Assigned task: Please copy every record below exactly, but leave the pictures out.

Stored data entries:
▶

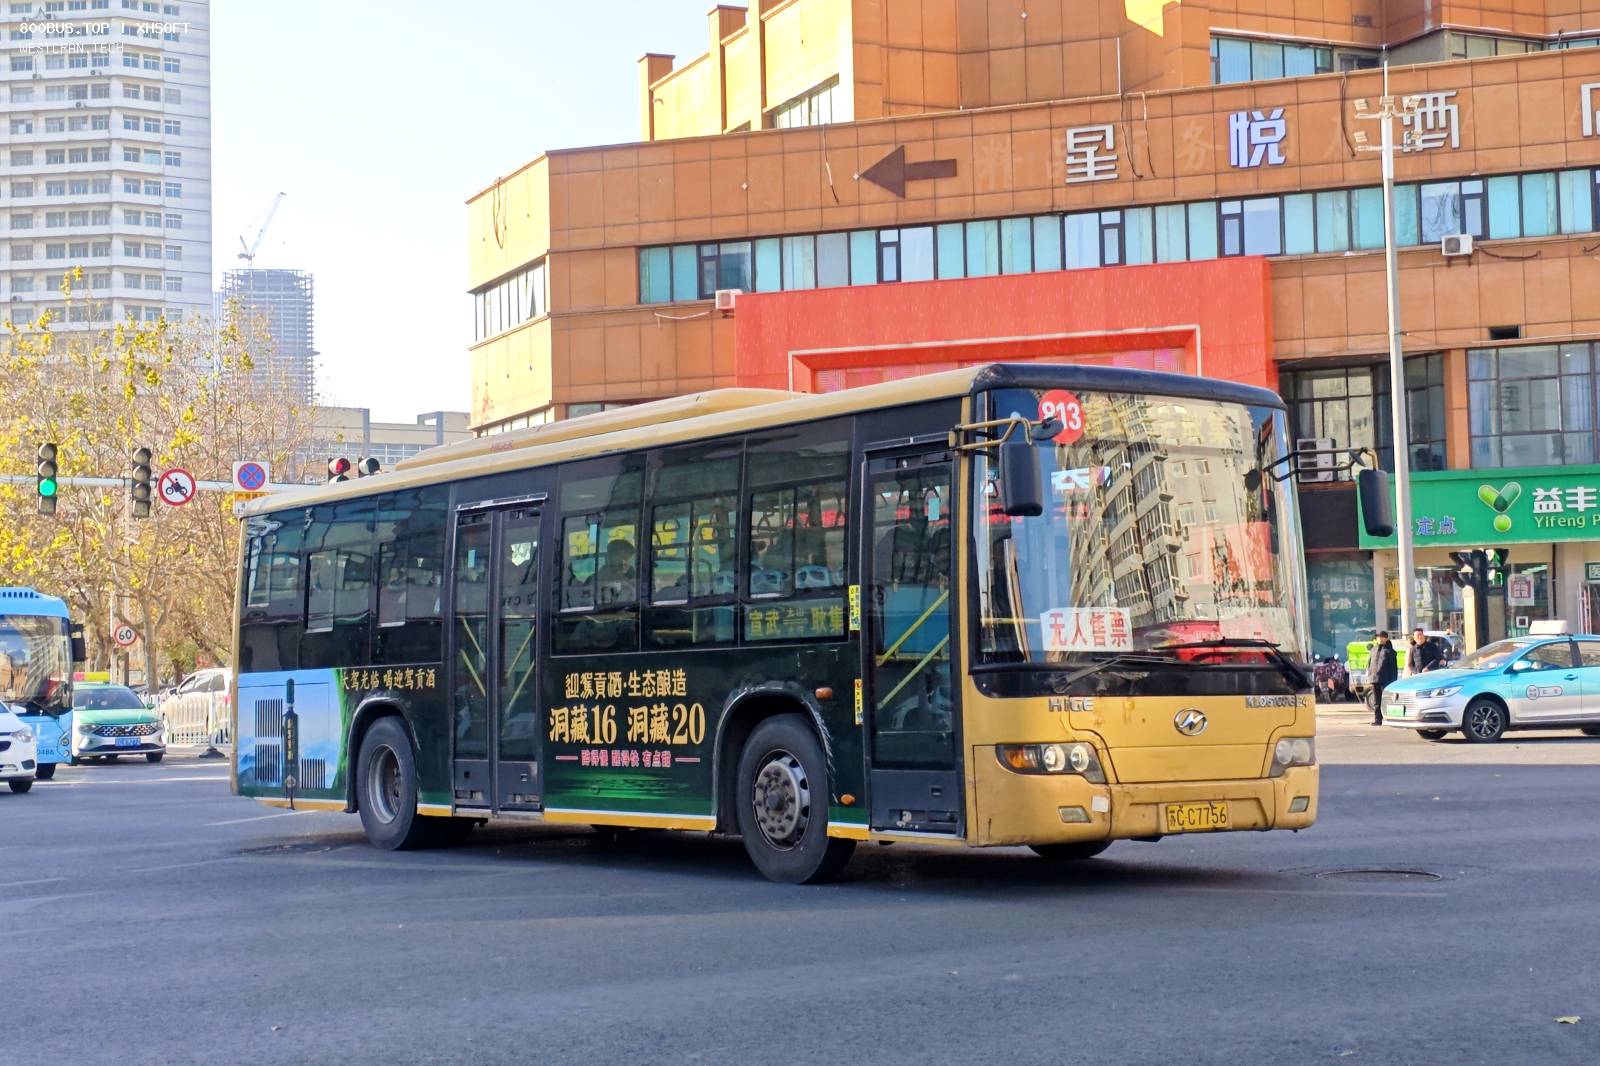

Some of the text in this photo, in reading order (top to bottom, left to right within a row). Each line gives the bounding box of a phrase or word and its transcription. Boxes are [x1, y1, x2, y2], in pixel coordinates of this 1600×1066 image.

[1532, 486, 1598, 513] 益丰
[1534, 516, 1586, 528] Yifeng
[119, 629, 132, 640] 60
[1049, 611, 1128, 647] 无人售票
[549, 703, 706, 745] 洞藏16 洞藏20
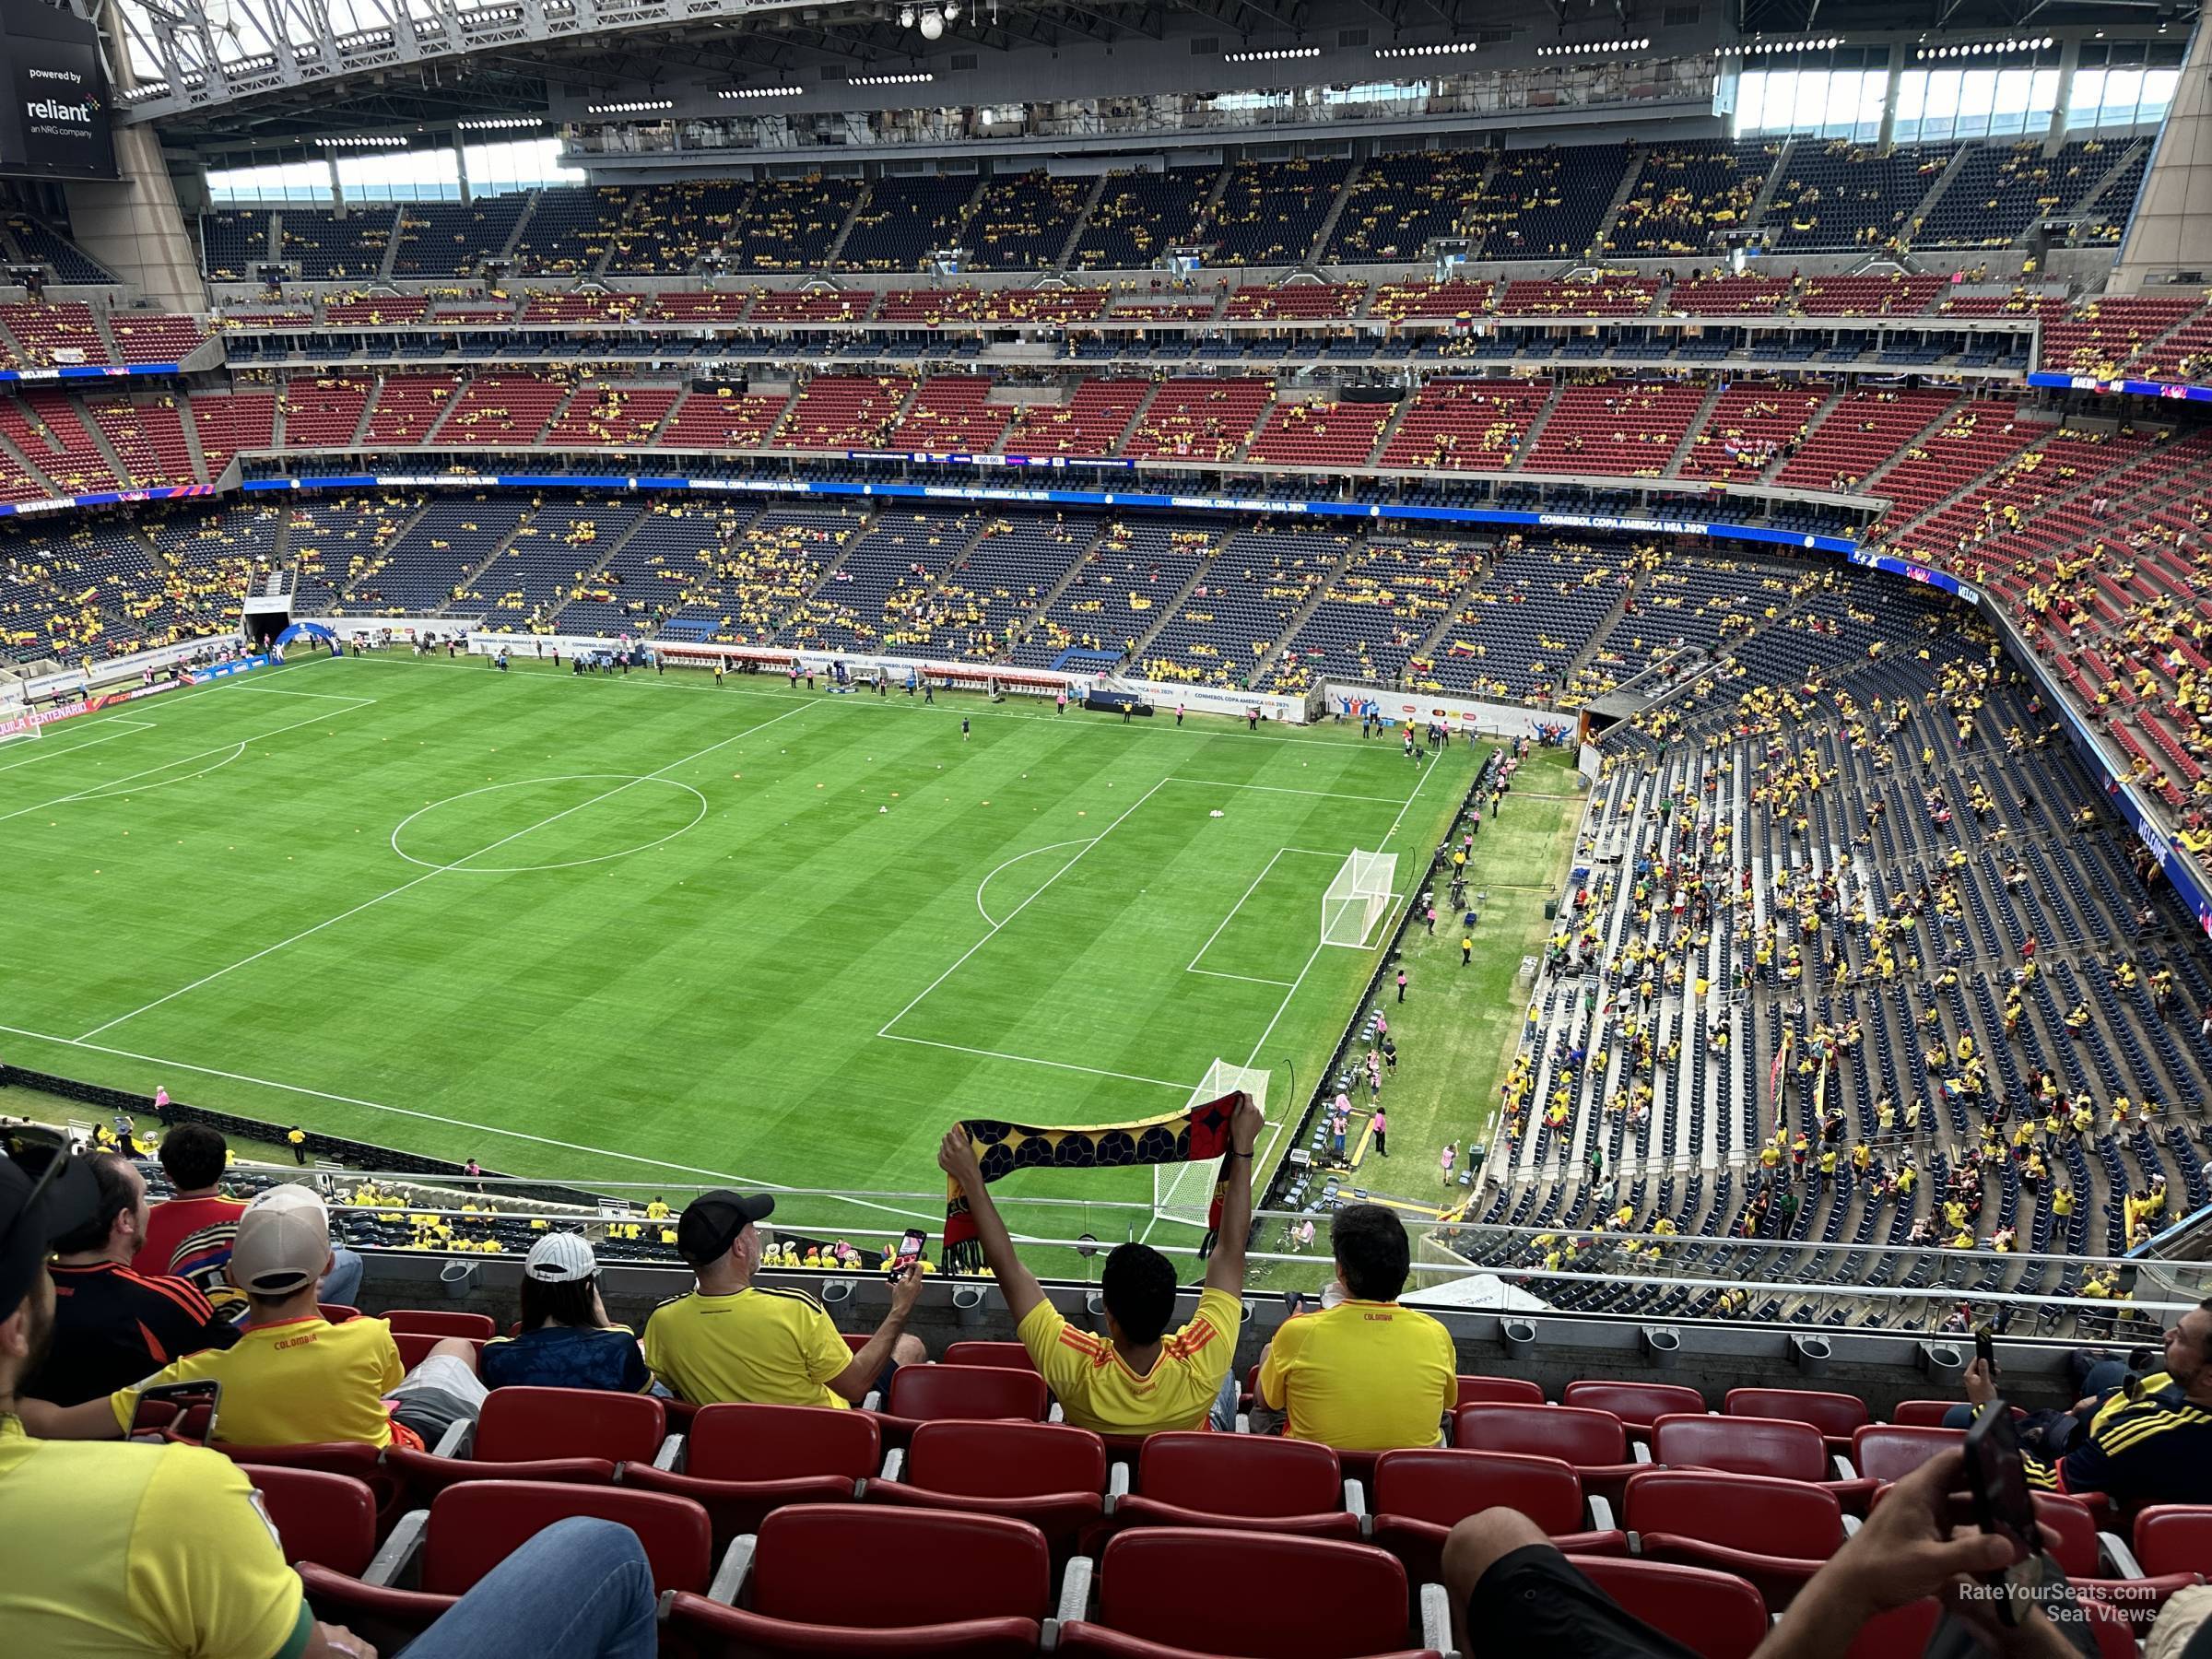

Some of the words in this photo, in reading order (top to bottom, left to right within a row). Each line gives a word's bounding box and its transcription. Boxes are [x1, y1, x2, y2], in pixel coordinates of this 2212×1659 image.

◀

Task response:
Some of the text in this photo, in reading order (top to bottom, left to right within a row). Each line gives the bounding box of a phrase or word and its transcription. Boxes are [x1, y1, x2, y2], in pixel coordinates of this 1600×1066 image.

[1532, 486, 1598, 513] 益丰
[1534, 516, 1586, 528] Yifeng
[119, 629, 132, 640] 60
[1049, 611, 1128, 647] 无人售票
[549, 703, 706, 745] 洞藏16 洞藏20

Some of the words in this photo, in reading order (top to bottom, left to right within a row). Each line gives a word's bounding box and its transcription. Boxes are [x1, y1, x2, y2], in pixel coordinates of this 2212×1659 image.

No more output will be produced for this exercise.